44 - Meekness
Meekness is not a weakness. Rather, it is quite the opposite, as it is POWER under control. It is a quality of pure strength and confidence. Meekness is the ability to choose to remain gentle and in complete control of yourself, your actions, and your responses, despite being angered, frustrated, or irritated. This takes tremendous practice and can be cultivated through mindful awareness of thoughts in meditation and prayer. Like the quality of love, the meaning of the word meekness is often misunderstood and misrepresented. There is a loss of humility in society today, which is a requirement for this highly esteemed value. Leaders should seek to harness and engage in the strength and discipline of this precious and powerful quality only found in the most refined, polished, and accomplished leaders.
Characteristics of Meekness:
- Strength. It takes disciplined confidence in yourself to control an innate desire to defend or lash out when harmed in some way. The vast amount of strength needed to remain in control when faced with an unfavorable and adverse event causes meekness to be an immensely admirable quality to possess. It takes a confident and self-aware leader to fully embrace this quality and grow it into a reflexive habit.
- Self-control. A great amount of restraint is needed to display meekness. You must confidently align with your values and fully control yourself and your actions. It will take disciplined and intentional practice to choose with each unfavorable interaction or situation to respond in humble meekness, showing massive amounts of strength under control.
- Freedom. There is freedom in having perfect control of your actions and reactions. When you program your mind as outlined in Elevate Your Mind to Success, your reactions will be automatic and aligned with your belief system, providing confidence and a freeing sense of serenity with a clear consciousness of abiding by your moral compass. There is no fear, no regret, and an exuberant amount of peaceful and positive vibrations of body, mind, and spirit.
- Reverence. Respect for yourself and your Creator is displayed as you engage in restraint and self-control under duress. You also show gracious respect for the offender, despite the possibility it is not deserved.

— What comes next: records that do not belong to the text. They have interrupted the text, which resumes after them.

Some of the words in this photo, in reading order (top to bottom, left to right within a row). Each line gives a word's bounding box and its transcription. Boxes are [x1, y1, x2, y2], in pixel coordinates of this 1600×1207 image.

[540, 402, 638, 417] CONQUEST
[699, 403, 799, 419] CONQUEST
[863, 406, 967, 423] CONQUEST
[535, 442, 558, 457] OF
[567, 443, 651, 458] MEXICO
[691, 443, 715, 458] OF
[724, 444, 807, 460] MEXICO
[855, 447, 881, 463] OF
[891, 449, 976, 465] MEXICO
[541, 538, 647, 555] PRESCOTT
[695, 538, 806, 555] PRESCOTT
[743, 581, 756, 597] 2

This is also a great display of strength.
- Willingness. In regards to Jesus, no one took His life. He willingly laid it down. That showed his sacrificial and unconditional love for us and His many other great examples of meekness. You too can show strength through meekness by willingly choosing calm and self-controlled responses while acting kindly toward others. How you respond is a willing and intentional choice that is yours to make.

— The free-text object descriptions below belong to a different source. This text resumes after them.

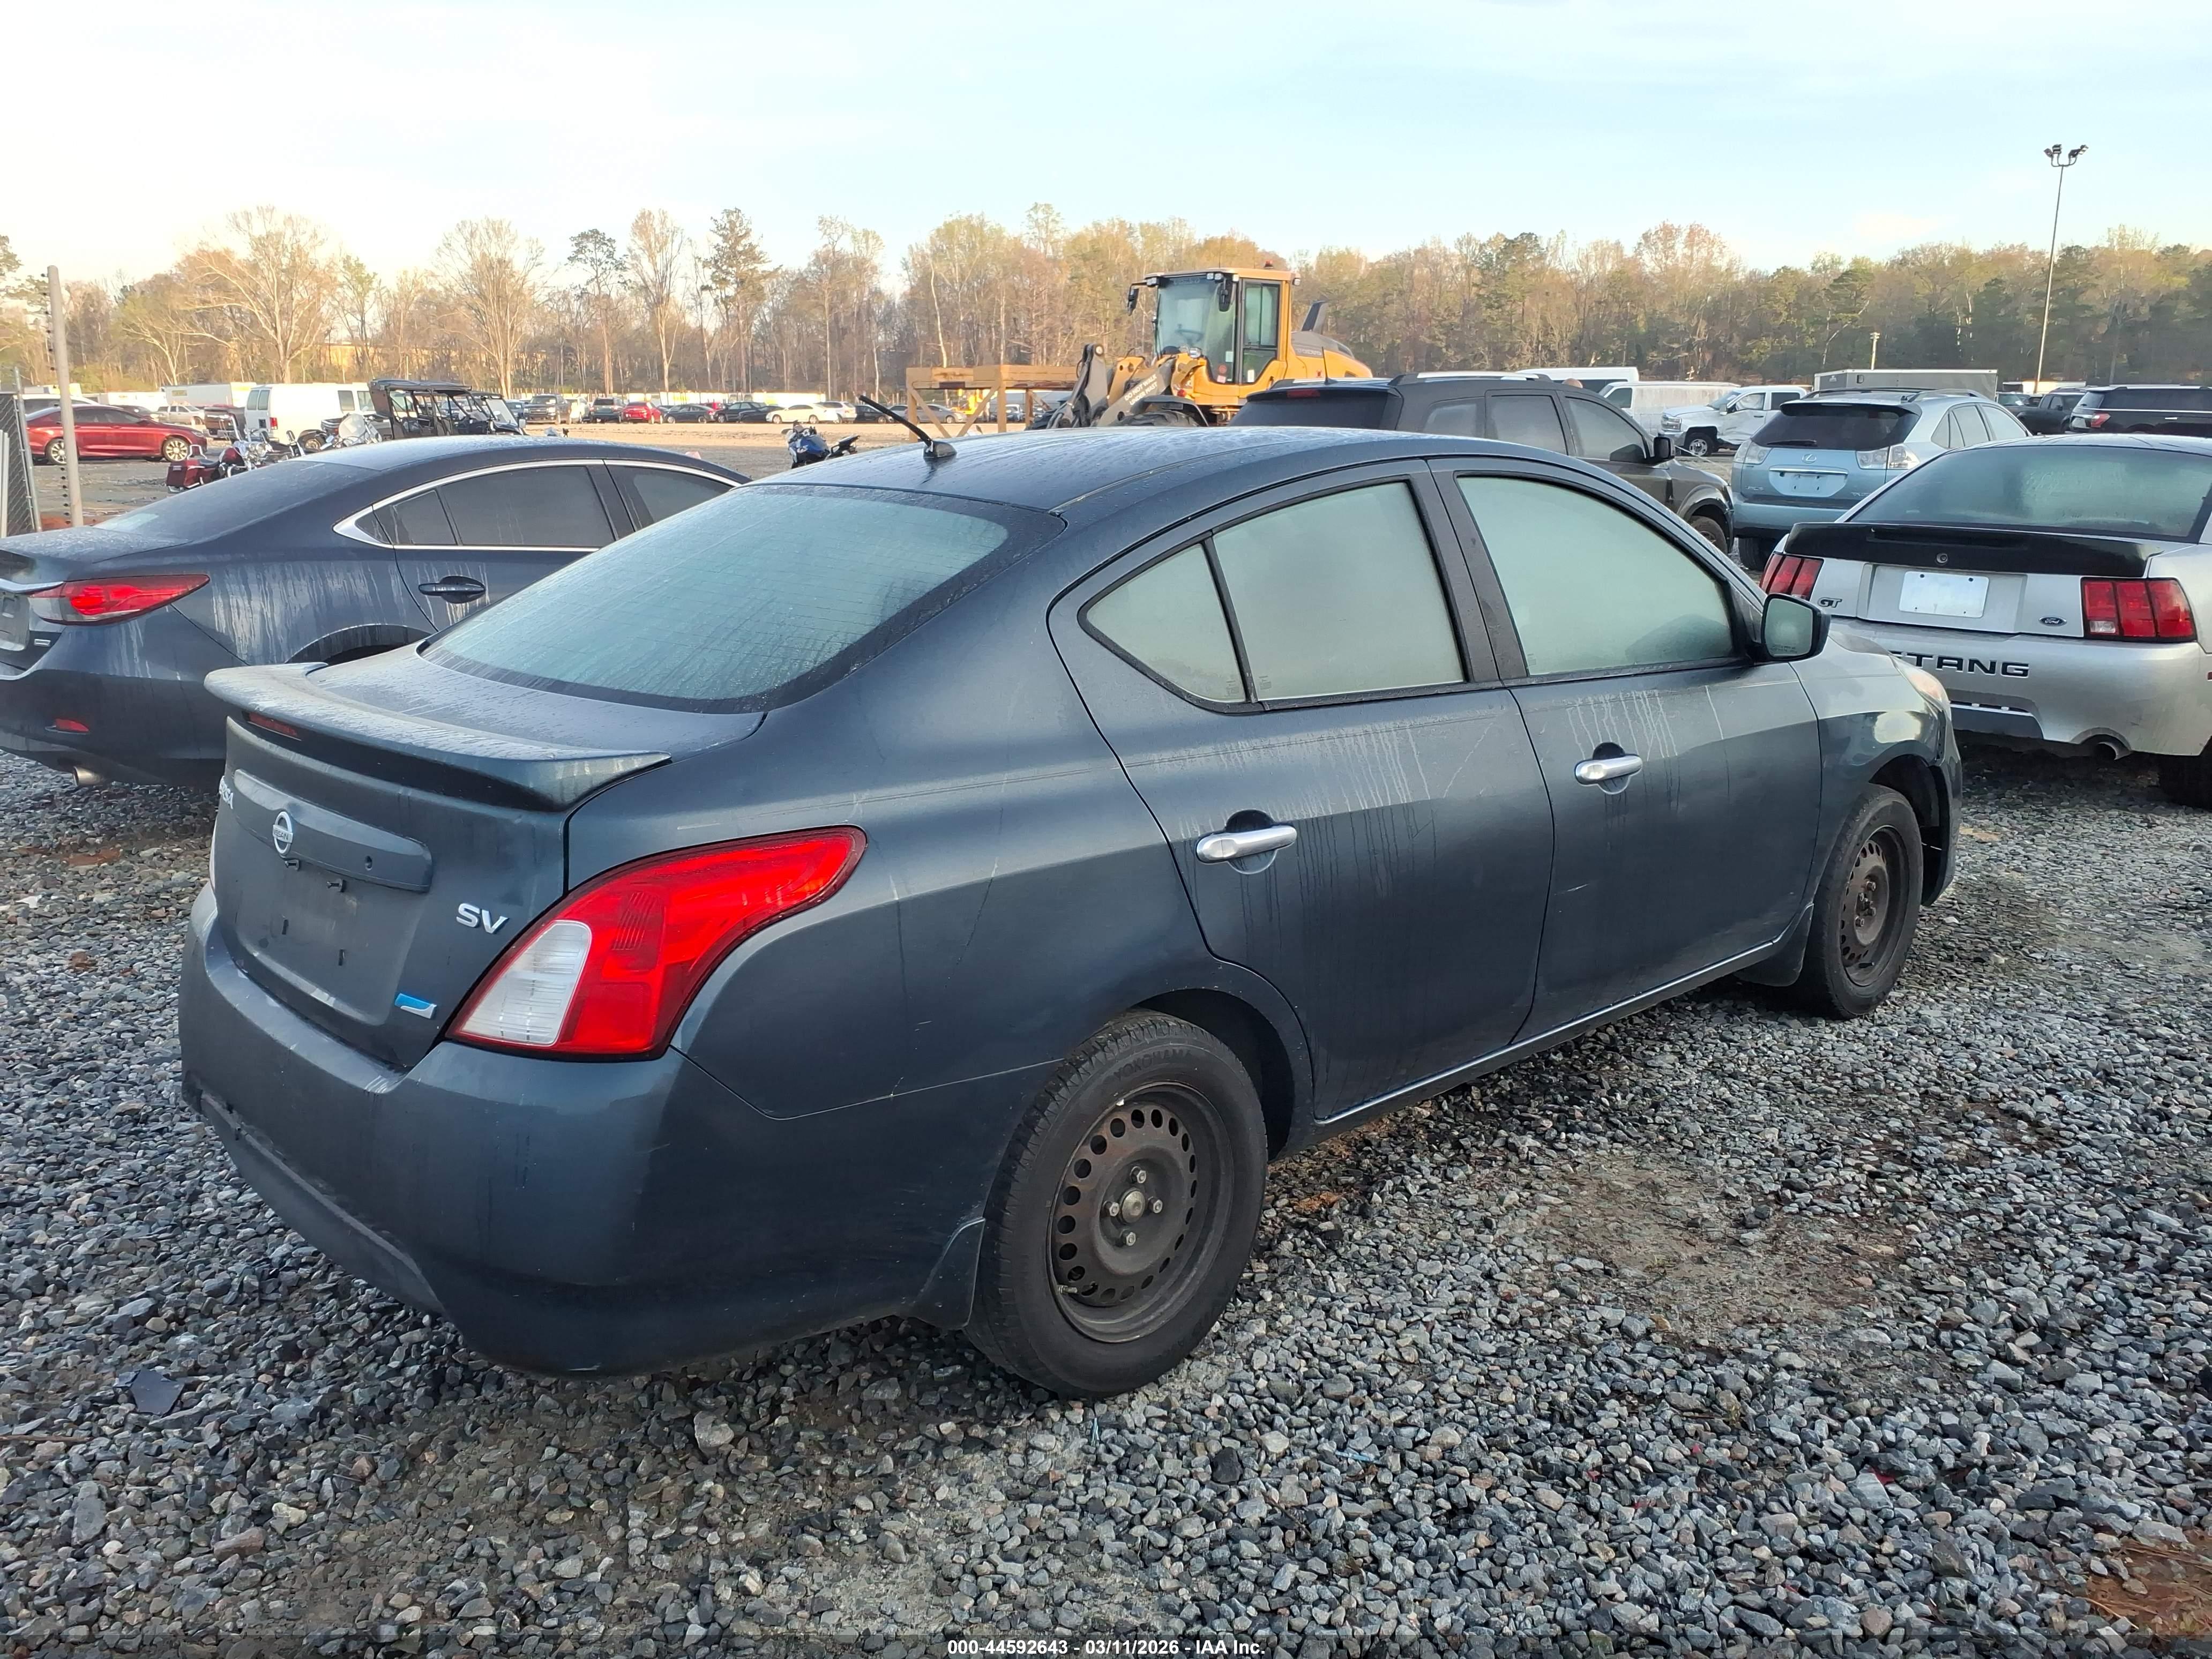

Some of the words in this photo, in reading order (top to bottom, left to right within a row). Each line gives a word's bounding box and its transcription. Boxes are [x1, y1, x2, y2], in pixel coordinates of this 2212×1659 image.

[1124, 392, 1133, 401] DO
[1132, 384, 1143, 395] NOT
[1142, 373, 1157, 386] WALK
[1129, 391, 1146, 405] UNDER
[1145, 381, 1157, 394] MAST
[1817, 597, 1842, 608] GT
[456, 903, 509, 933] SV
[1113, 1048, 1192, 1081] YOKOHAMA

- Trust. Meekness involves faithfulness that you are making the right choices because you are operating in conjunction with your moral compass. You also trust your ability to remain in control and calmly respond even when situations are less desirable. You are secure in interacting with others and trust that everything will work out for good.
- Love. Kindness and love are consistent characteristics of meekness. When you are calm, gentle, and in a peaceful spirit, acting with confidence and self-awareness, you are able to show kindness and compassion towards others, despite potentially unfavorable circumstances.
- Righteousness. Faithfulness to a high moral standard, your belief system, coincides with meekness. Do not let the adversaries sway you when they disagree with your stance. While they may become heated and offensive, show integrity as your conduct conforms to your sense of right and wrong. With honesty, humility, and strength, allow your virtues to keep you self-controlled and confident as you respond.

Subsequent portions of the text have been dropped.